Continúan su peregrinaje hacia Santo Domingo los dos hombres que salieron desde las provincias La Altagracia y Dajabón en respaldo a la obra de gobierno del ex presidente Leonel Fernández.
Ambos habían realizado esos recorridos durante el gobierno de Fernández en reclamo de obras que éste luego cumplió.
El peregrino del Este, el comunicador Jacinto de los Santos, junto a un grupo de 22 personas, ocho de ellas mujeres, amaneció anoche en el parque central de San Pedro de Macorís y prevé llegar a la capital el jueves. Esta mañana De los Santos había superado la ligera recaída que sufrió ayer.
En entrevista por teléfono dijo que previo a partir a Santo Domingo realizaría a las 10:00 de esta mañana un recorrido por calles de San Pedro como se lo solicitaron comunitarios que apoyan la causa.
Mientras que el peregrino de Dajabón, Ángel Sosa, pernoctó en Santiago y esta mañana en la continuación de su recorrido salió de los alrededores de la antigua rotonda del ensanche Libertad. Ayer centenares de personas le mostraron su respaldo a su paso por Navarrete, Villa González y Santiago.
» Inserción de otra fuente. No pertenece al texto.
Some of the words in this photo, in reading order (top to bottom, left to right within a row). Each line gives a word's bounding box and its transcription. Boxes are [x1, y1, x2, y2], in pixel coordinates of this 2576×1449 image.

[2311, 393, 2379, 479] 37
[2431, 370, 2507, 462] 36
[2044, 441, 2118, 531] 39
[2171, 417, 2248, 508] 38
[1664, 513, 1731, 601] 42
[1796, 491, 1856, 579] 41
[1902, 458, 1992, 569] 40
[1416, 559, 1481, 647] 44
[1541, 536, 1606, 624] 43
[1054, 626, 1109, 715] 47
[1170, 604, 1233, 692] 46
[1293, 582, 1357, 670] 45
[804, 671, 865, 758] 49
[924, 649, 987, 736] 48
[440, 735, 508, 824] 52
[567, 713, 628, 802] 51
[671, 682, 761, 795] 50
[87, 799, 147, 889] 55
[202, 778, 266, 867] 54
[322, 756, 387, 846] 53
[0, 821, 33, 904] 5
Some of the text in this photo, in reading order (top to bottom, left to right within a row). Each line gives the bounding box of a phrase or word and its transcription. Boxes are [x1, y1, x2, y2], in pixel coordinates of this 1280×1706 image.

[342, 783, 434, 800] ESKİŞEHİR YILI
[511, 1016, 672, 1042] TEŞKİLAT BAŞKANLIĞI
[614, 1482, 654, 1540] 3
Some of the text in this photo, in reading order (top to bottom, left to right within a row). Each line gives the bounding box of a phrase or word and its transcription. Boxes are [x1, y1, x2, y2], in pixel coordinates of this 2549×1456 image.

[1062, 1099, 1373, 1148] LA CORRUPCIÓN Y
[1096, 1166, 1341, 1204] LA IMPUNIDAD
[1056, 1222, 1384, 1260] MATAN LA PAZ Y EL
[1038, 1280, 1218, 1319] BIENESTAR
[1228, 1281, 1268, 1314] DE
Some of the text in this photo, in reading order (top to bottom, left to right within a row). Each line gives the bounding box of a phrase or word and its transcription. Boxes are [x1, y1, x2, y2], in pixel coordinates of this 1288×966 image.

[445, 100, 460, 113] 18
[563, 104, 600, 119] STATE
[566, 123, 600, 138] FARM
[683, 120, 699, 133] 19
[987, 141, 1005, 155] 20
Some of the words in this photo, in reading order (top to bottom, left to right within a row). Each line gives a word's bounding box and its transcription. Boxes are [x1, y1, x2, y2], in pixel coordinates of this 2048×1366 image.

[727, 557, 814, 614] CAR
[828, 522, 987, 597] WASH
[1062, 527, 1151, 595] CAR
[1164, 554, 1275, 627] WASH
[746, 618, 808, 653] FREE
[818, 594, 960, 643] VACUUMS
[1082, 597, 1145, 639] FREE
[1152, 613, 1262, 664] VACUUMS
Todavía cerca de las 11:00 de este martes no tenía definido el lugar donde dormiría en la noche, en su peregrinar con el que persigue arribar a la capital la mañana del jueves.
De los Santos considera que el ex presidente Fernández es objeto de una campaña de calumnias motorizada por sus opositores políticos con el propósito de empañar su gestión gubernamental, reducir su liderazgo y de esa forma restarle posibilidades electorales de cara al futuro.
Aclaró que él no apoya ningún partido político y que realiza la extenuante caminata en agradecimiento del ex mandatario.
Los que le acompañan son dirigentes comunitarios, amas de casa y de los derechos humanos. Veinte de ellos salieron junto a De l os Santos de Verón, Punta Cana, el pasado miércoles y dos se sumaron en El Seibo.
El peregrino de Dajabón ha encontrado en el camino centenares de personas que lo respaldan, pero también otros tantos que lo repudian. Muchos que lo acompañan lo hacen a modo de protección, ante el temor de que alguien lo agreda.